Michael J. Gelb: My pleasure. Thank you.
Anita Brick: The book, The Art of connection. If you are going to define connection really briefly, the real, authentic, sustainable kind. How would you define that?
Michael J. Gelb: You know it when you've got it. It's rapport being simpatico, a feeling that we're all familiar with, where you're in sync alignment. That would be my simple definition.
Anita Brick: That's a good, simple definition. So there were a lot of questions from students and alumni. Let's start off with one that came from a weekend student. And he said, when I look for things that make me distinctive, I struggle. Well, I know I'm capable. So are many people. How do I bring out my best and how do I bring that to the forefront?
Michael J. Gelb: Wow, what a wonderful question.
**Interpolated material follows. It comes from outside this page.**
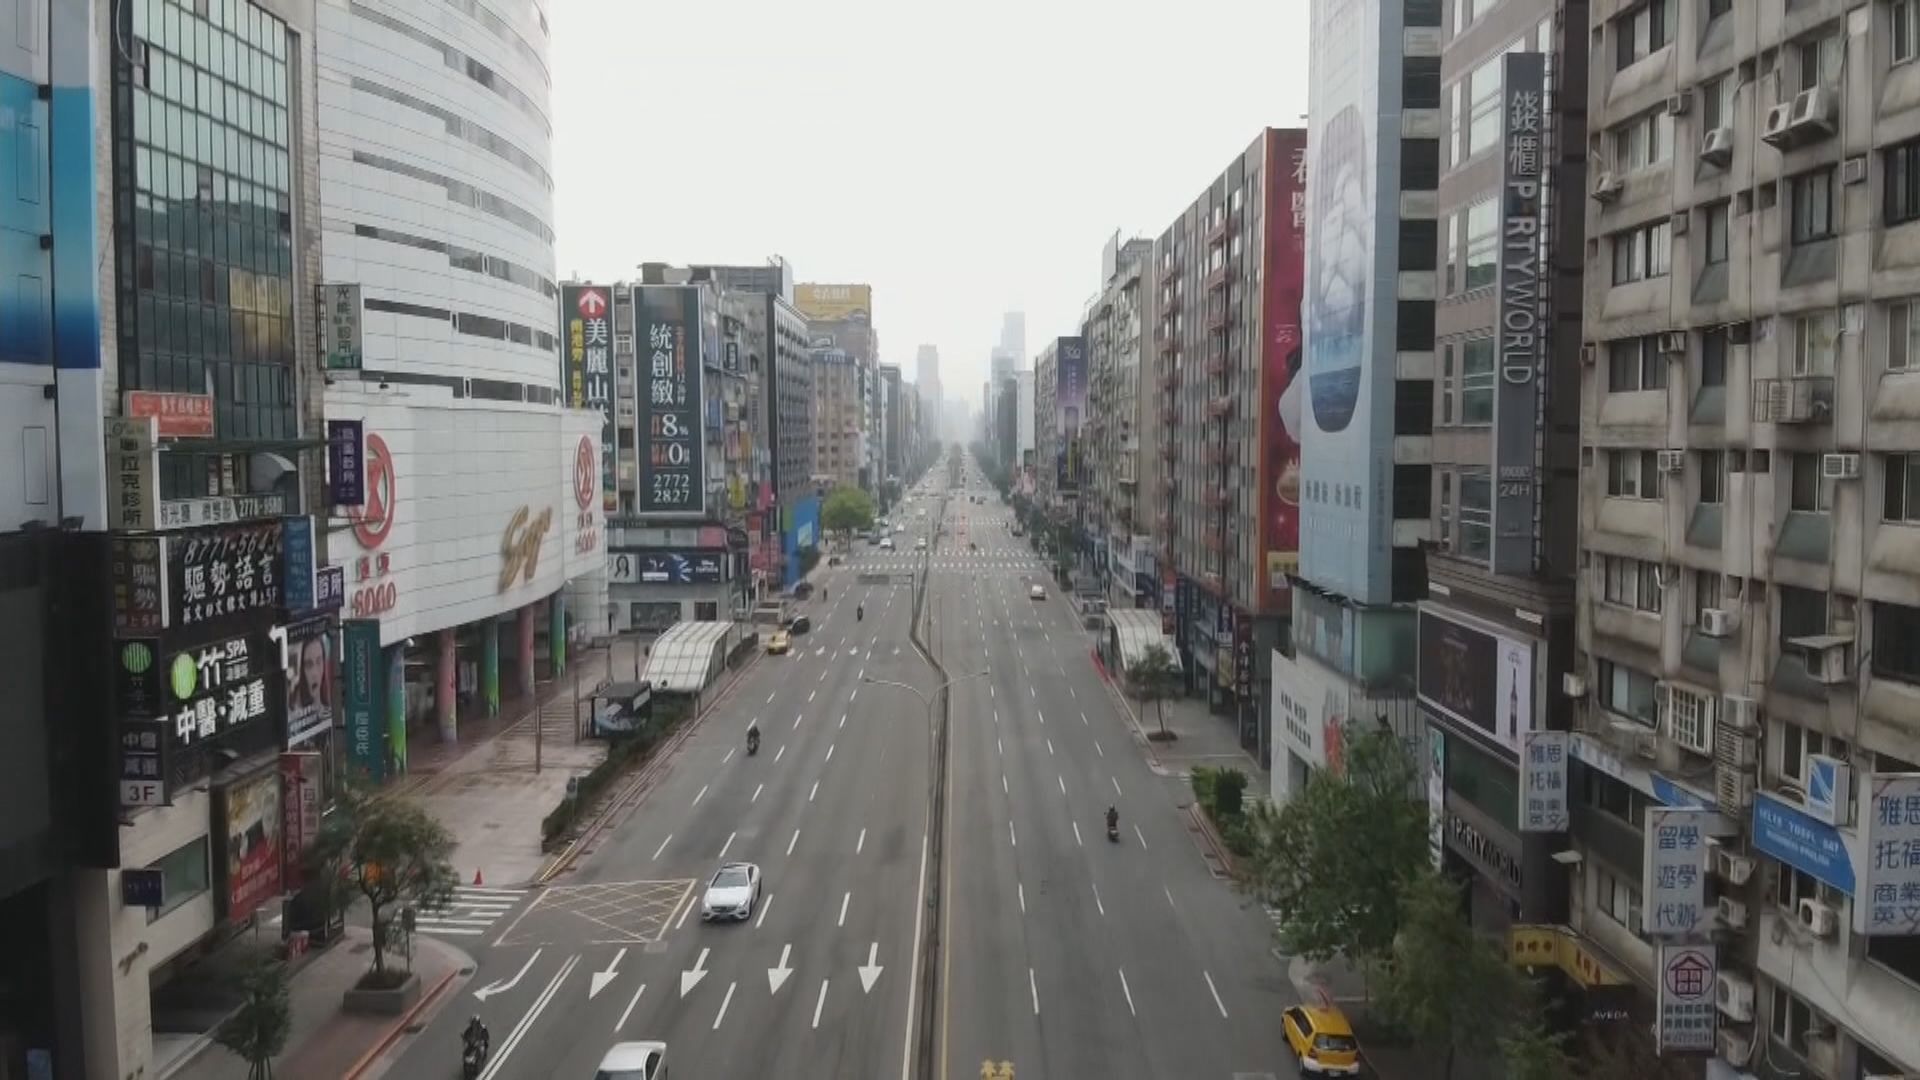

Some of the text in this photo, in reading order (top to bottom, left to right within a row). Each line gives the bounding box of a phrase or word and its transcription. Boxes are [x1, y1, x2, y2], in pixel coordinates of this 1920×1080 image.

It helps first to understand the paradox that is at the heart of the art of connection. You are unique. So is everybody else. One thing that we all have in common is our desire to be seen and appreciated for our uniqueness. Recognize what you have in common with everyone else. We all have the same fundamental needs.
So it's wonderfully liberating to know that we're really all connected through these fundamental needs. Then contemplate each day, well, what are my gifts and what do I love to do the most? How can I leverage what I love to do the most, and my way of doing it in a way that benefits others in a sustainable way?
Anita Brick: How do you fight the doubt? I remember once someone came into my office and said that he had absolutely no distinctive skills and abilities and what he did, absolutely everyone could do all this self-doubt. Now, what he told me he did is something that is highly valued in many, many different industries and in many, many different companies.
But his doubt eclipsed his ability to see that. So how do you fight that doubt that says, no, Michael, you're really the same as everyone else, or there are people who are better. How do you allow sensitiveness to not be eclipsed by doubt?
Michael J. Gelb: Don't try to get rid of the doubt or fight it directly, because you only make it stronger for people who are really struggling with okay, well, what is unique about me? I would actually counsel them to go to the study of the creative process, learn how to make mind maps, do a mind map of your life, of your vision, of your talents, of your doubts, of the things that you want to learn and experience.
Put that on your wall. It's amazing how the uniqueness comes out. Once you've discovered that, then if you want to manifest what's unique about you in a positive way, if you want to turn it into a project or a career or an entrepreneurial venture, you're going to have to build relationships and work effectively with other people.
Anita Brick: Got it. Since we're on the Dow theme a little bit, there was another question actually, from another weekend student, and she said, I'm in a situation at work where my manager seems to expect less of me than my peers. As a result, I am missing out on important developmental opportunities. While I can't leave my job, I am willing to do something. What advice would you have?
Michael J. Gelb: Great! So first of all, check your own level of self expectation because that's the critical one. We teach people how to treat us. I suggest once you align with your own sense of self expectation and expecting great things from yourself, then figure out how to communicate with that boss about how you want to be treated without complaining, without whining, without being passive aggressive. Figure out how to get this message through to your boss about how you want to be treated, and the expectations that you expect for yourself, and that you would like your boss to share.
Anita Brick: So it sounds like you have to be clear with yourself. Write them down, think about them, of how you want to be treated, and be honest with yourself. If you actually believe them.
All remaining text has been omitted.